In another piece, ‘Wrong Number’, the necessary distortion of reality involves time, rather than stories within stories. Here, the protagonist encounters a mysterious woman at the same time as he is bothered by a series of wrong-number phone calls; through a complex chain of events, he discovers that the caller is none other than himself, and that the woman plays a central role in the mystery. O’Rourke effectively conveys the character’s frustration as events become more complex and inexplicable.

In addition to these self-referential tales, there are several stories that provide a range of nicely surreal imagery. ‘Secret Sentient’ posits a tradition in which the bodies of the dead are preserved and displayed in their descendants’ homes, silently observing the flow of life around them; O’Rourke illustrates here the secret lives of the objects we carry with us. ‘A Bad Day for Bob’, one of the most successful stories, features a man convinced that his wife and neighbors are intelligent mannequins; this short, surprising story effectively describes a most unusual world. And the final tale, ‘The End Never Means THE END’, revisits all the characters of the other stories, along with a thinly disguised O’Rourke, and brings them together in a bizarre apotheosis that recalls Pirandello’s ‘Six Characters in Search of an Author’.
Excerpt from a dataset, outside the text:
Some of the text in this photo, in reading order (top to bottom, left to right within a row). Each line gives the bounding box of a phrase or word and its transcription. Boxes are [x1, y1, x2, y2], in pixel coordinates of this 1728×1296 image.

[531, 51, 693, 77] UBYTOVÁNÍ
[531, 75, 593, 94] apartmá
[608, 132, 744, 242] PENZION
The ideas on display are engaging and intriguing, and O’Rourke shows much potential as a storyteller. Unfortunately, however, it must be said that his writing suffers from a number of flaws. For instance, O’Rourke often breaks the widely known rule of ‘show, don’t tell’; instead of presenting dialogue, he might describe what was said during a conversation, or he might end a story by telling what happened to the protagonist, taking the reader out of the story. Additionally, his tone is generally quite flat and descriptive, and this dispels any sense of empathy for his characters; they often feel more like experimental subjects. Given his postmodern approach, it is possible that this alienation is intentional, but this doesn't make the stories any easier to read.
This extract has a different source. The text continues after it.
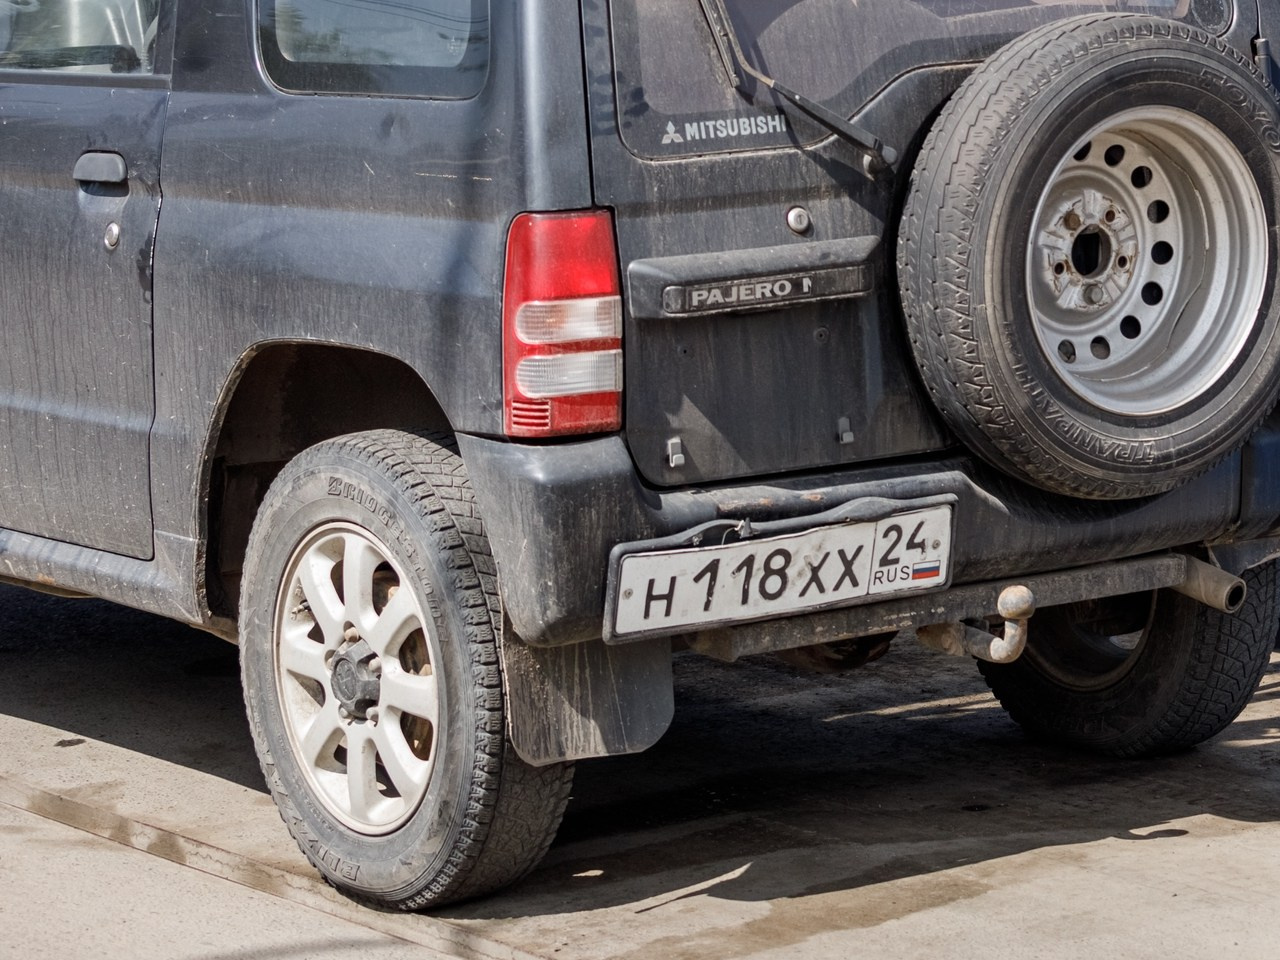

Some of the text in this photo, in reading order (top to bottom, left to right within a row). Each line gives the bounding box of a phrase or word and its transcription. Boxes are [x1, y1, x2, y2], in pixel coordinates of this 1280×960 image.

[684, 114, 787, 141] MITSUBISHI
[692, 280, 792, 306] PAJERO
[878, 520, 928, 567] 24
[872, 565, 911, 586] RUS
Also, O’Rourke sometimes has little sense of when to end a paragraph and begin a new one. Many of his paragraphs stretch for a page or more and may combine plot, exposition, and descriptions of character interaction substituting for dialogue. Finally, the volume as a whole is badly in need of editing to weed out spelling and grammatical errors.

Whether these problems completely spoil the book will depend on the reader. There are fascinating ideas here about the interconnectedness of fantasy and reality, and about the ways in which art reflects the obsessions and prejudices of author and audience. O’Rourke also shows that he can create complex yet economical plots that delve into these connections. Given his distracting technical issues, some readers will likely feel that Stephen O’Rourke is not quite ready for prime time; but those willing to look beyond these flaws will discover an interesting mind just beginning to develop its powers.

[Editor's note: author's biography corrected in paragraph 2 above. We apologise for the error.]